-- Exercise requirements --
When you copy the data that follows, reproduce every word exactly and leave out the images.

(Stored data)

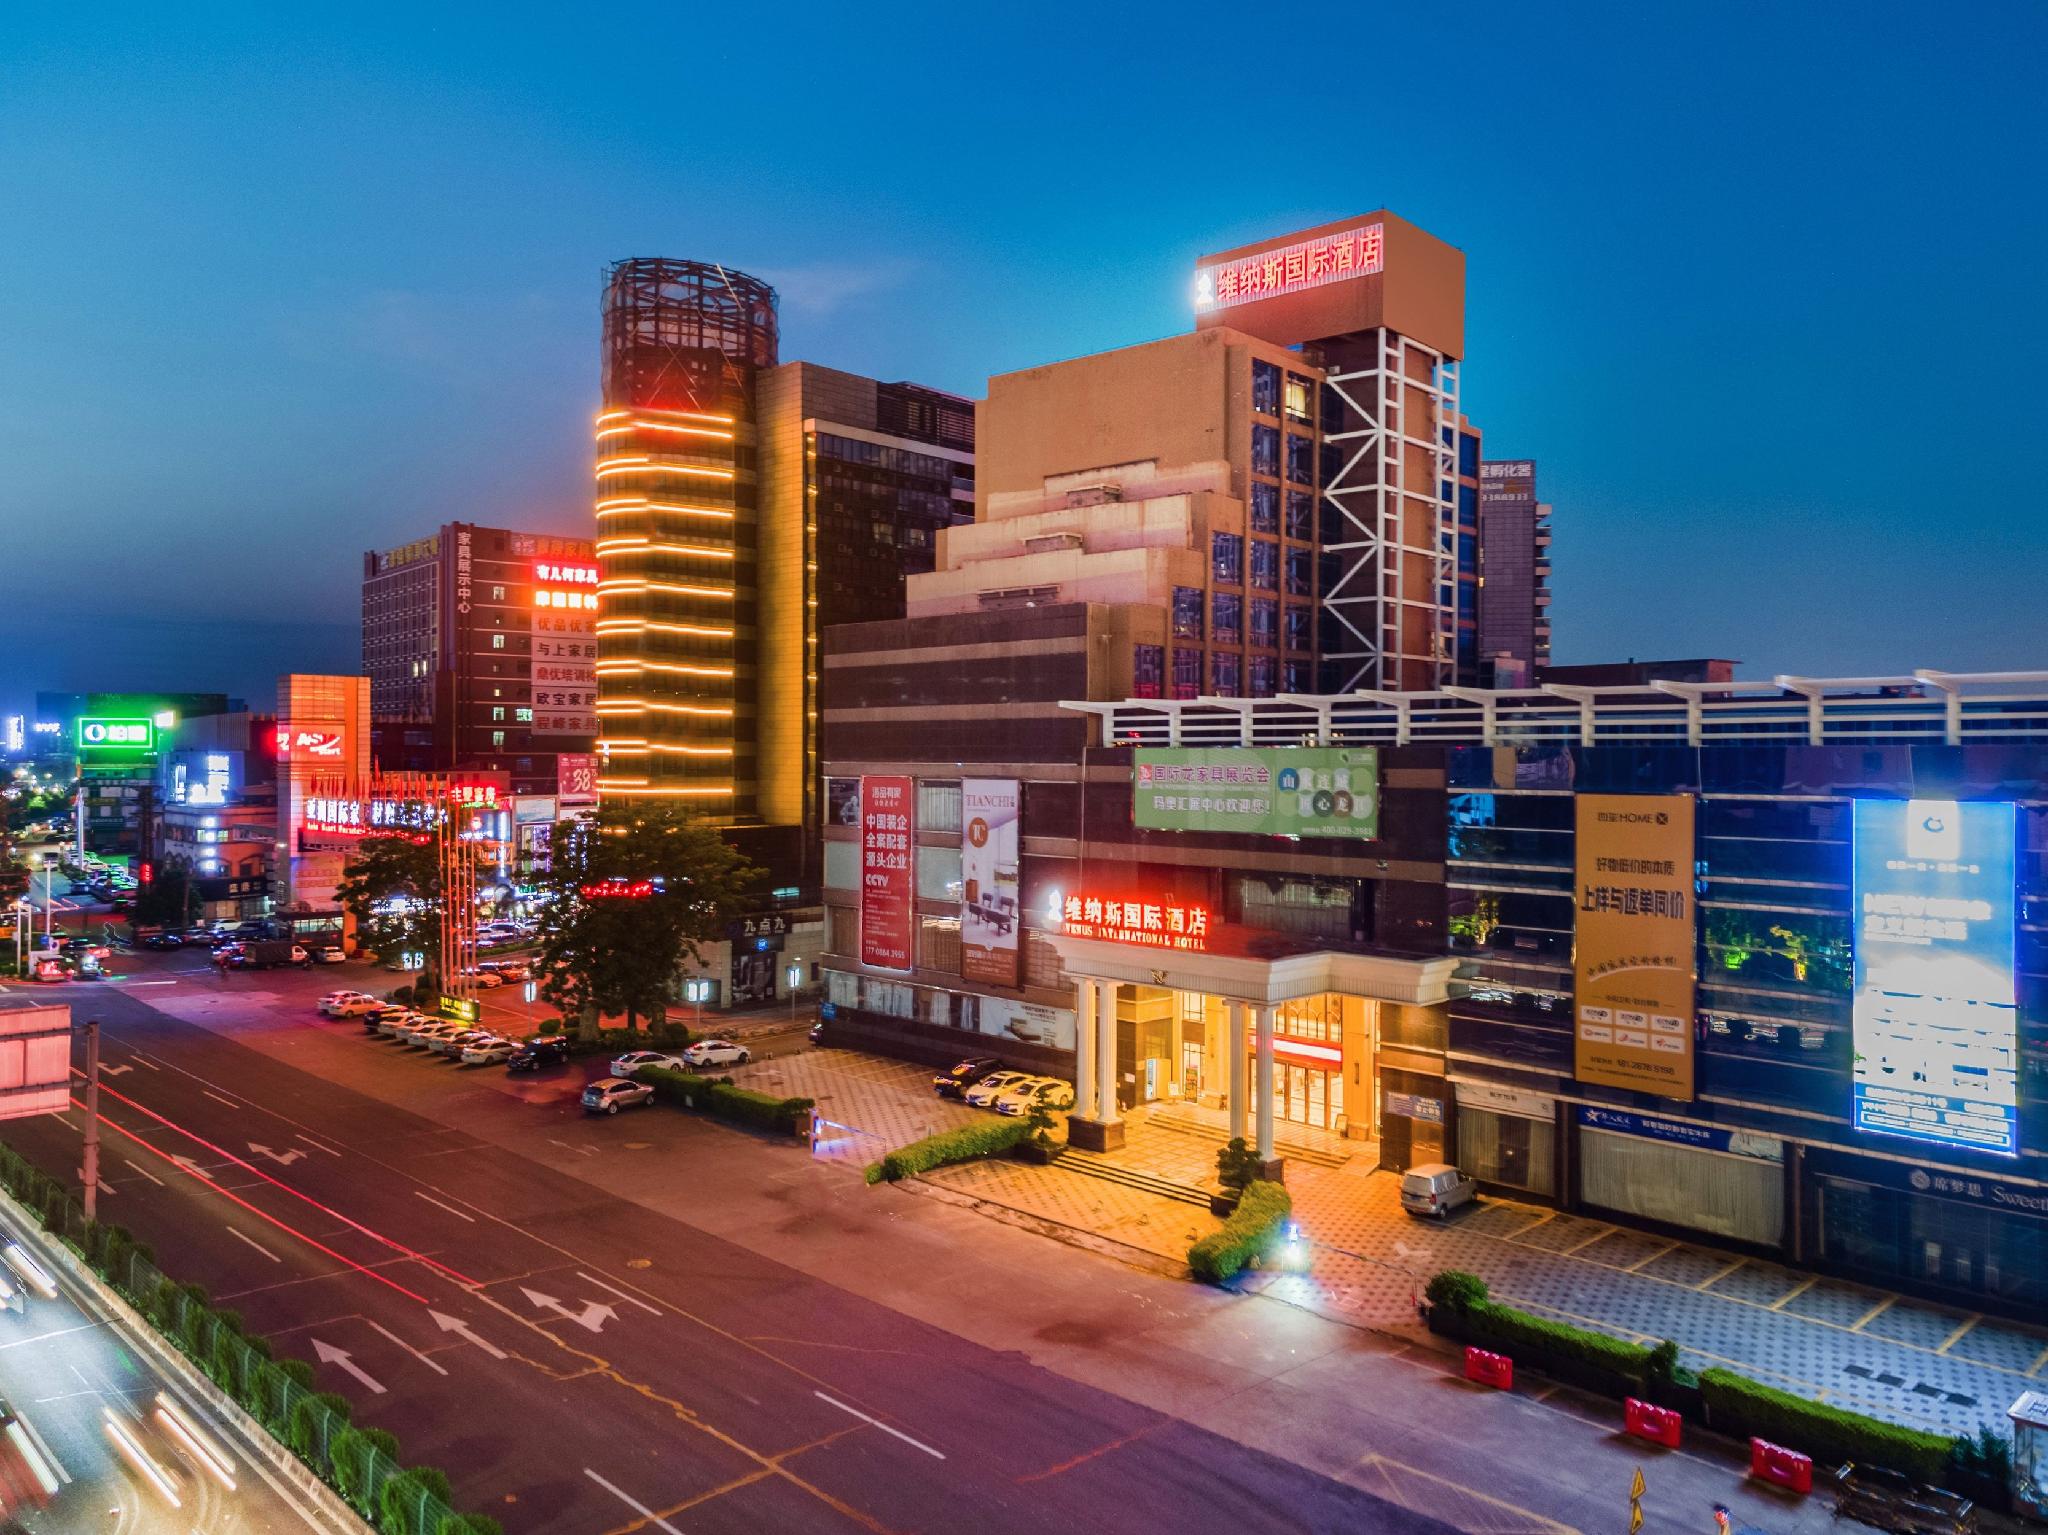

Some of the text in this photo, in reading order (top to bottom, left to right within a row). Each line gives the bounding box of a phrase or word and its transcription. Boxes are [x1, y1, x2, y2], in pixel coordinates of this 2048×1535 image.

[1217, 229, 1383, 302] 维纳斯国际酒店
[457, 531, 472, 614] 家具展示中心
[866, 832, 908, 850] 全案配套
[866, 851, 907, 869] 源头企业
[865, 873, 889, 887] CCTV
[744, 916, 786, 932] 九点九
[1064, 895, 1207, 936] 维纳斯国际酒店
[1065, 923, 1206, 951] VENUS INTERNATIONAL HOTEL

-- Task answer --
Some of the text in this photo, in reading order (top to bottom, left to right within a row). Each line gives the bounding box of a phrase or word and its transcription. Boxes are [x1, y1, x2, y2], in pixel coordinates of this 2048×1535 image.

[1217, 229, 1383, 302] 维纳斯国际酒店
[457, 531, 472, 614] 家具展示中心
[866, 832, 908, 850] 全案配套
[866, 851, 907, 869] 源头企业
[865, 873, 889, 887] CCTV
[744, 916, 786, 932] 九点九
[1064, 895, 1207, 936] 维纳斯国际酒店
[1065, 923, 1206, 951] VENUS INTERNATIONAL HOTEL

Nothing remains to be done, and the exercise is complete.